Activity –
Within the listing below, the lines to output run from the one containing "this 1920×1080 image." through the one containing "this 1328×996 image."; copy them exactly and nothing else.

Raw data –
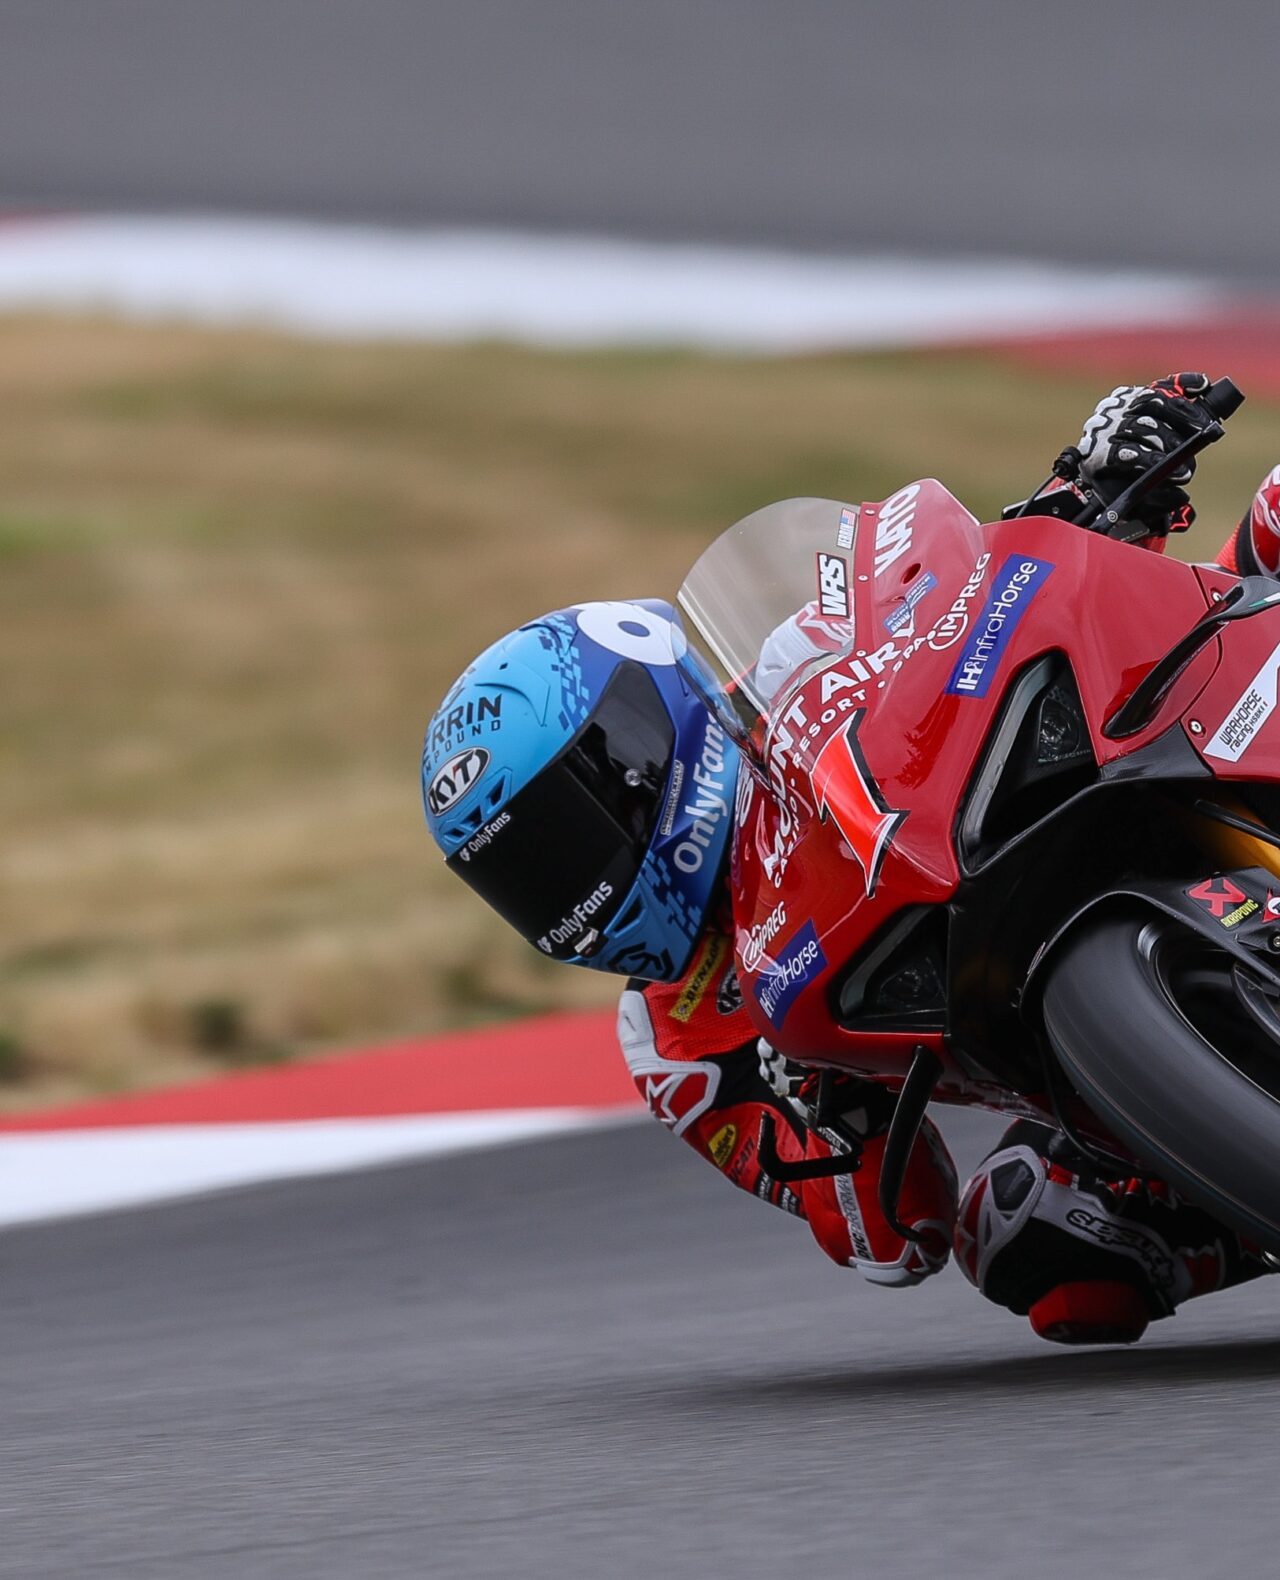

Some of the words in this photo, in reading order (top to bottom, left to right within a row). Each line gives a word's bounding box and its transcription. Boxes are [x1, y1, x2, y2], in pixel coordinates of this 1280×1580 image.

---

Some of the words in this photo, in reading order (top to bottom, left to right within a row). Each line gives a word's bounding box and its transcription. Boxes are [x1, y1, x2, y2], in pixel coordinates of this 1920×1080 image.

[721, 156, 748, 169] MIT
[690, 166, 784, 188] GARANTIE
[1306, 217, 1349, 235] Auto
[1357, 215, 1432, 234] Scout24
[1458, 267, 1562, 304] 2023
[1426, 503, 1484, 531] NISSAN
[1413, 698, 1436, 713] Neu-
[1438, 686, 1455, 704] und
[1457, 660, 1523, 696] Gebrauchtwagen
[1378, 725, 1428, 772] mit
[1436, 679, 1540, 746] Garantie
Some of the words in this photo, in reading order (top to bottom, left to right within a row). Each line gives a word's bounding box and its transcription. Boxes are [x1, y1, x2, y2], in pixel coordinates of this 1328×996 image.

==

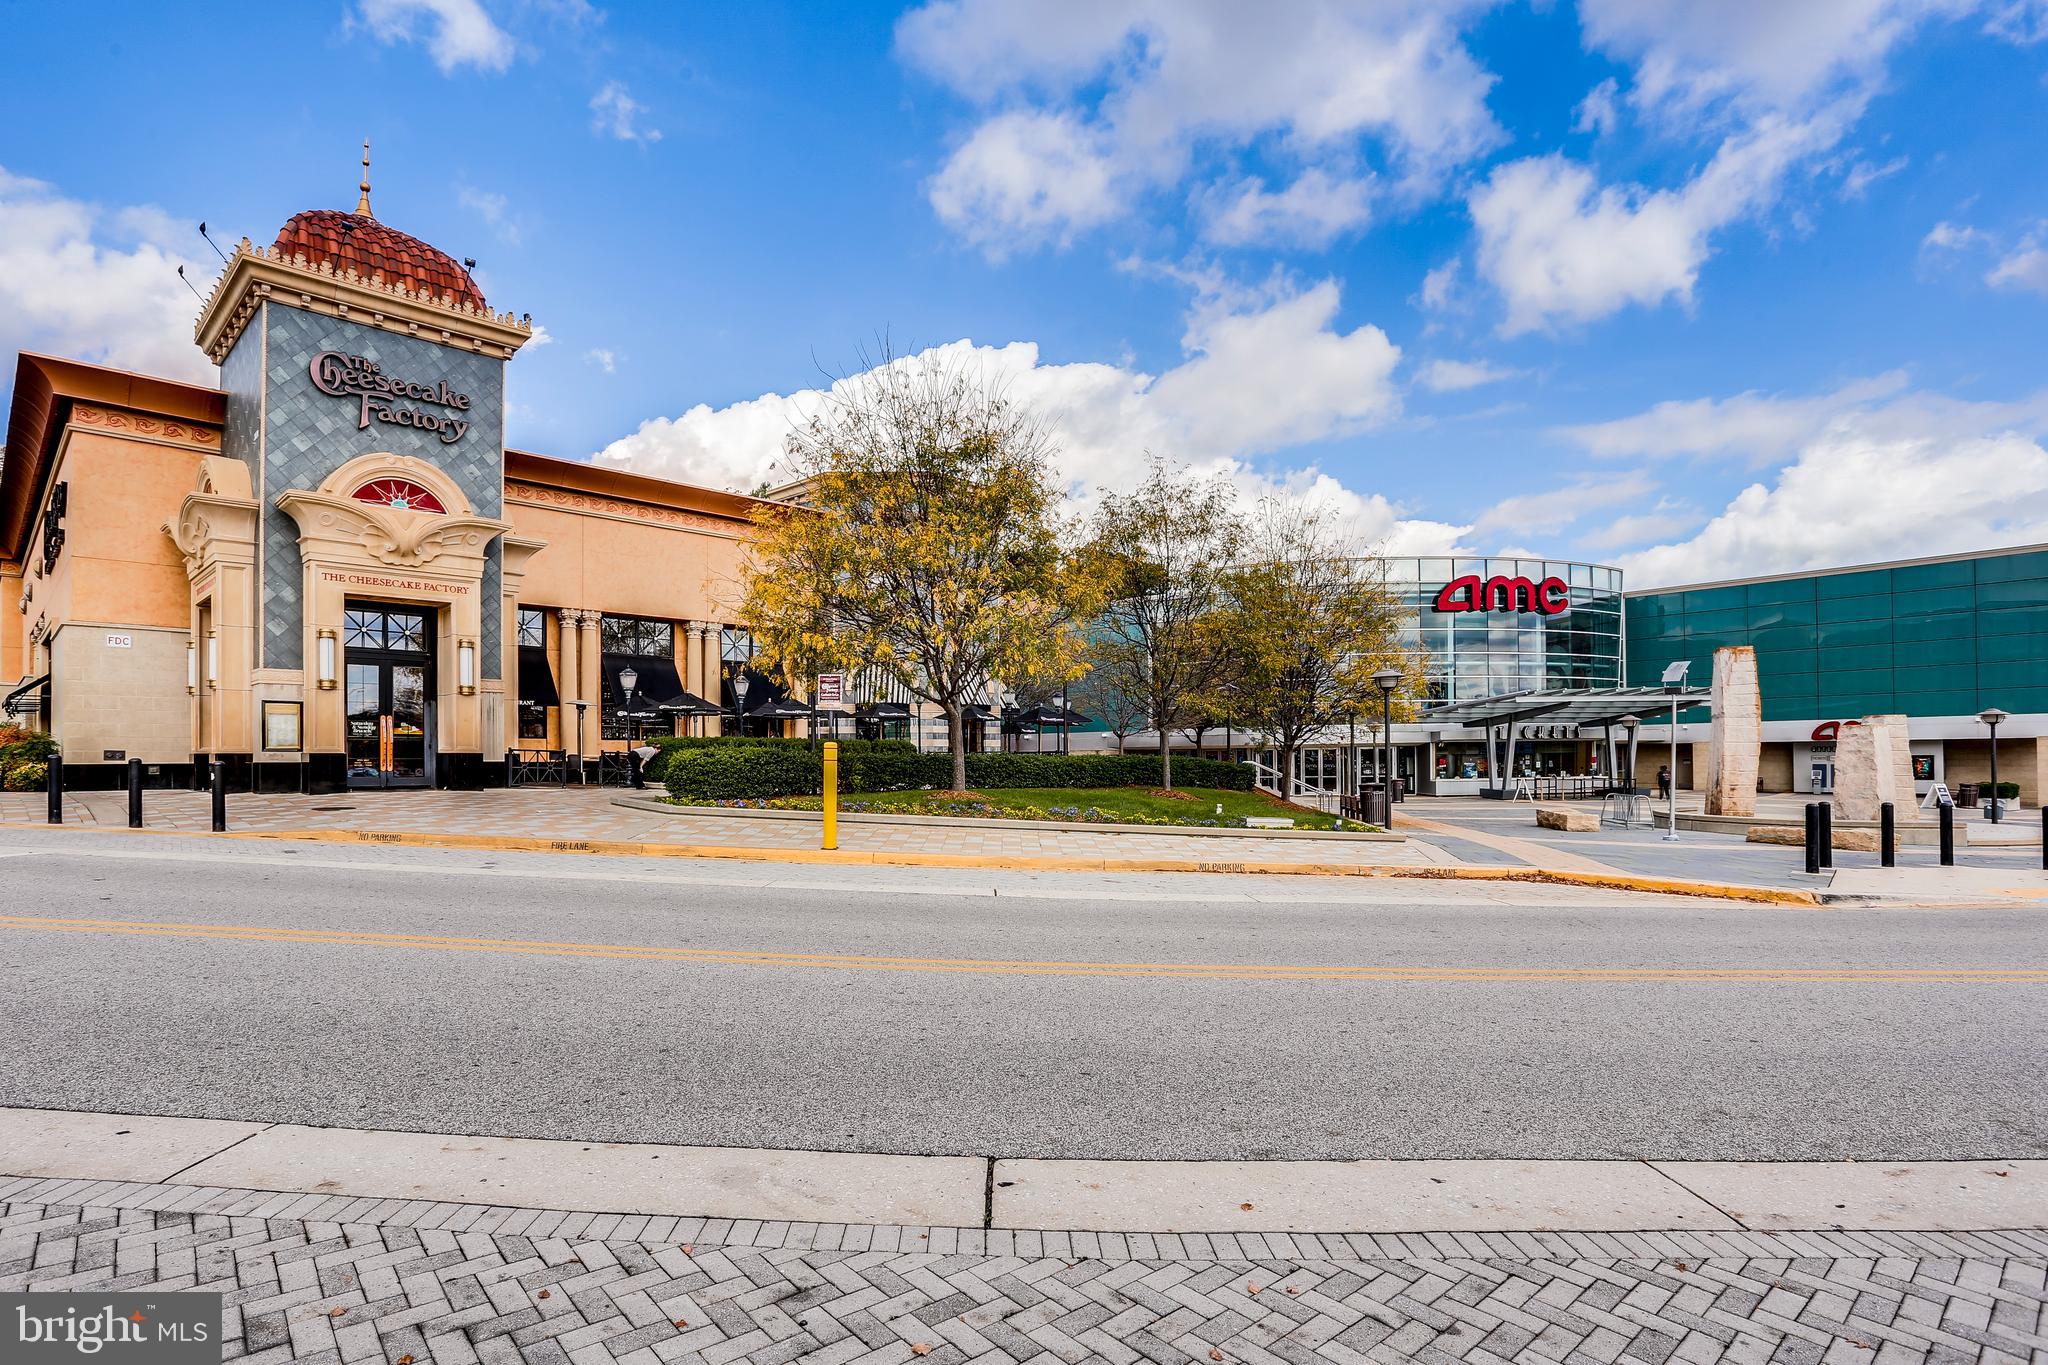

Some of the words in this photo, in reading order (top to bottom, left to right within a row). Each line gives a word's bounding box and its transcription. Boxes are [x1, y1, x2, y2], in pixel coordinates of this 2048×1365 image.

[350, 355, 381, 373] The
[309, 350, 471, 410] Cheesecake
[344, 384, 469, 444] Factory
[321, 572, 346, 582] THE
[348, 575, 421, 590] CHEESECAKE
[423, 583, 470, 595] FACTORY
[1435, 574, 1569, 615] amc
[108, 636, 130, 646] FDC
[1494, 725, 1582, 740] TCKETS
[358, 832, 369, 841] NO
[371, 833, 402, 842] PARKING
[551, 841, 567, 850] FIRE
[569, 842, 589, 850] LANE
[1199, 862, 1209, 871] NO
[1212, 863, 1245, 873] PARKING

Exercise answer –
Some of the words in this photo, in reading order (top to bottom, left to right within a row). Each line gives a word's bounding box and its transcription. Boxes are [x1, y1, x2, y2], in pixel coordinates of this 1920×1080 image.

[721, 156, 748, 169] MIT
[690, 166, 784, 188] GARANTIE
[1306, 217, 1349, 235] Auto
[1357, 215, 1432, 234] Scout24
[1458, 267, 1562, 304] 2023
[1426, 503, 1484, 531] NISSAN
[1413, 698, 1436, 713] Neu-
[1438, 686, 1455, 704] und
[1457, 660, 1523, 696] Gebrauchtwagen
[1378, 725, 1428, 772] mit
[1436, 679, 1540, 746] Garantie
Some of the words in this photo, in reading order (top to bottom, left to right within a row). Each line gives a word's bounding box and its transcription. Boxes are [x1, y1, x2, y2], in pixel coordinates of this 1328×996 image.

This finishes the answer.